In a 2-1 vote, a panel of judges from the Ninth U.S. Circuit Court of Appeals struck down California’s Proposition 8 and its prohibition of gay marriage. Judge Stephen Reinhardt, writing the ruling opinion, argued that not allowing gay marriage lessens the status of gay persons, reclassifies their union as inferior, stigmatizes them and is a form of government-sponsored discrimination.
As a remedy, the judges held that under the equal-protection clause of the 14th Amendment, the government has a constitutional duty to allow gay marriage. The equal-protection clause is a general restraint to prevent the abridgement of rights. Under all three levels of scrutiny to which the equal protection clause has been applied — strict, intermediate and rational basis — traditional marriage clearly constitutes a compelling government interest. It is nothing less than the bedrock of civil society. Yet the ruling turns a blind eye to this in order to promote an alternatively preferred policy. The equal-protection clause has simply been commandeered as a malleable instrument to further a political agenda. What the judges should have done is refer this constitutionally silent issue back to lawmakers and the general public. Instead, they disavowed traditional marriage.
To witness unelected, unaccountable judges overturn the will of the people in the service of their desire to create a new right is a kind of tyranny that threatens to destroy liberty by degrees. If you believe in a so-called living Constitution, where are the limits of interpretation? Where does judicial activism and the consequent diminishment of a representative process end? The answer is that it doesn’t. In the end, you subscribe to a view that has no real boundaries and simply shadows the moral relativism of popular culture. The Constitution becomes a document from which an unending series of unenumerated rights lie fallow until such time as we want them. Based on loose constructionism, the judiciary has an unlimited role and the Constitution can be stretched to transparency. The concept of unbounded interpretation is precisely what is unconstitutional.
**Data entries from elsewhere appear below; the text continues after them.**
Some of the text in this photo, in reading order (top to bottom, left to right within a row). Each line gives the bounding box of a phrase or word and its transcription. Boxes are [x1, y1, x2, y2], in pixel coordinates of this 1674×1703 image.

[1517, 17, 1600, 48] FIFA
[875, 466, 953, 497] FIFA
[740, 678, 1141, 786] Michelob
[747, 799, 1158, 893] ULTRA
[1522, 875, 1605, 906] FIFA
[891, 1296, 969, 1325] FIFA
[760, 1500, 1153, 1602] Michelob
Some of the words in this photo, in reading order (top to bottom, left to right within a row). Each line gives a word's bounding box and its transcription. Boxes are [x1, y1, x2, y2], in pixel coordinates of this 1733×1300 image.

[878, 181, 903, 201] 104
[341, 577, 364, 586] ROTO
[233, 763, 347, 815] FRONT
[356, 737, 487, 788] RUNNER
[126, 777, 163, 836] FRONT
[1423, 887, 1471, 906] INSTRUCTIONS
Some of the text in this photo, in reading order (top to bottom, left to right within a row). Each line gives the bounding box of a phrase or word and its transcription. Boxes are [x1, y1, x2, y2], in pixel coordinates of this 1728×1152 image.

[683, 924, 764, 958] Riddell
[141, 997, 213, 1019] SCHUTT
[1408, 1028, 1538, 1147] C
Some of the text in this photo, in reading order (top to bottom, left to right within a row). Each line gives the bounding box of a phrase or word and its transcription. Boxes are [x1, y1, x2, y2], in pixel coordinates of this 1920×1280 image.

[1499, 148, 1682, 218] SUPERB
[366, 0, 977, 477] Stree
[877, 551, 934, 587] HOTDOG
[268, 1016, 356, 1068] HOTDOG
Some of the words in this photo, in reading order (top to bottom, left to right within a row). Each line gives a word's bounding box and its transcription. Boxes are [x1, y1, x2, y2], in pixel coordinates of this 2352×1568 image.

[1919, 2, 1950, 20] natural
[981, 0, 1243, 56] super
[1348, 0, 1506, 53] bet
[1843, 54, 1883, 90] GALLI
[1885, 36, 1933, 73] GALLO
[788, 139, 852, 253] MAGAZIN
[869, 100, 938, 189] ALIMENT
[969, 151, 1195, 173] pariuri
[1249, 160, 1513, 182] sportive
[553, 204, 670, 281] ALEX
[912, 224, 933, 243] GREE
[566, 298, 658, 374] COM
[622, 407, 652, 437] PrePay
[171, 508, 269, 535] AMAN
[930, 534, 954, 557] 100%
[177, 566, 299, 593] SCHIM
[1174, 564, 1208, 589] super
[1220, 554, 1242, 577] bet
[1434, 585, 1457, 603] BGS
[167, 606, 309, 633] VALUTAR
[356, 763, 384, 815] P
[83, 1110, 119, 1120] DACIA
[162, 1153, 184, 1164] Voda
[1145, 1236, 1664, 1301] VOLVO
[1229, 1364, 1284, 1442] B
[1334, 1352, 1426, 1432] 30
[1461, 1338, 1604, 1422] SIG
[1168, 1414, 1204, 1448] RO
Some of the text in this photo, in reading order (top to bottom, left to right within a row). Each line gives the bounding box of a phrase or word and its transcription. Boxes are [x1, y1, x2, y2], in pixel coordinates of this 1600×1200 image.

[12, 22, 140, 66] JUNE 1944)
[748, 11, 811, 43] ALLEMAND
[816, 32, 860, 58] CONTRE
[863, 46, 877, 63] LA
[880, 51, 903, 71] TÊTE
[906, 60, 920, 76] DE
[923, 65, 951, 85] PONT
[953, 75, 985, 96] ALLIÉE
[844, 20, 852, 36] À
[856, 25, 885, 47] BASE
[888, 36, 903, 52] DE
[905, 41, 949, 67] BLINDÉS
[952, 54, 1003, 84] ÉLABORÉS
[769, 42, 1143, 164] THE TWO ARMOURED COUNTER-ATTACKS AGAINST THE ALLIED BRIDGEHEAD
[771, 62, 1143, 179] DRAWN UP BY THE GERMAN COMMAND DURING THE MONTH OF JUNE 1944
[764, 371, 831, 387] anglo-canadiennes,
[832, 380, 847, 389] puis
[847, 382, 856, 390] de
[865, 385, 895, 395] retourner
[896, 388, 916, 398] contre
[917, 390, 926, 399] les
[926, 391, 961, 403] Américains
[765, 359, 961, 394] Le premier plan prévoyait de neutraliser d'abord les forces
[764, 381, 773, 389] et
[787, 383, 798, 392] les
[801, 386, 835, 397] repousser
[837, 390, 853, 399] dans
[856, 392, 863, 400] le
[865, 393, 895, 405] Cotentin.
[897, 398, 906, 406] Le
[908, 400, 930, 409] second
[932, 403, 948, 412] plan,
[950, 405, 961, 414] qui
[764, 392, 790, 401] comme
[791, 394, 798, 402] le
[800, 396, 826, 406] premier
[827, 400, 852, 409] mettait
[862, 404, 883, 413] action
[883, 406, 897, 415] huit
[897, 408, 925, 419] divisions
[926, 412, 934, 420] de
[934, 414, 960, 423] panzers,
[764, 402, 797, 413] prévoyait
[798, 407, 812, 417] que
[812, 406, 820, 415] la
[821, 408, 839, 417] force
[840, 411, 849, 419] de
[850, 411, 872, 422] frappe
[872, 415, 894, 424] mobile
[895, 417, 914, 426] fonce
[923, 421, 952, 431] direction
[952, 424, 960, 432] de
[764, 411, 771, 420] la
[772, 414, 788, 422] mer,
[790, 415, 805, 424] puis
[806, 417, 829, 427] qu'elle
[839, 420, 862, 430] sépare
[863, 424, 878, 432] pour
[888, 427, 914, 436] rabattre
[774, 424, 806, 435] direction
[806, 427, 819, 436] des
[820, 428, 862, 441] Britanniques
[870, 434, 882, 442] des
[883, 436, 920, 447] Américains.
Former circuit judge Robert Bork once observed, when judges depart from an original understanding of the Constitution, “they lack any guidance other than their own attempts at moral philosophy, a task for which they have not even minimal skills.”
The Constitution is primarily a guarantor of negative liberties. It tells us what the federal and state governments are not allowed to do. To our horror, judges now depart from the Constitution in order to recast the culture and values of the nation. They are gradually turning the Constitution into a charter of positive liberties through the invention of new rights. And all of this is done without the consent of the governed.
Supreme Court Justice Clarence Thomas put it succinctly, “There are really only two ways to interpret the Constitution — try to discern as best we can what the framers intended or make it up. No matter how ingenious, imaginative or artfully put, unless interpretive methodologies are tied to the original intent of the framers, they have no more basis in the Constitution than the latest football scores.”
I can’t help but read Federalist No. 78 by Alexander Hamilton with increasing alarm. According to Hamilton, the judiciary was the “weakest of the three departments of power; that it can never attack with success either of the other two; and that all possible care is requisite to enable it to defend itself against their attacks.” Surely the man who in his day was a loose constructionist would turn over in his grave to see “the natural feebleness of the judiciary” turned into a predatory institution that creates laws on topics for which the Constitution is completely silent.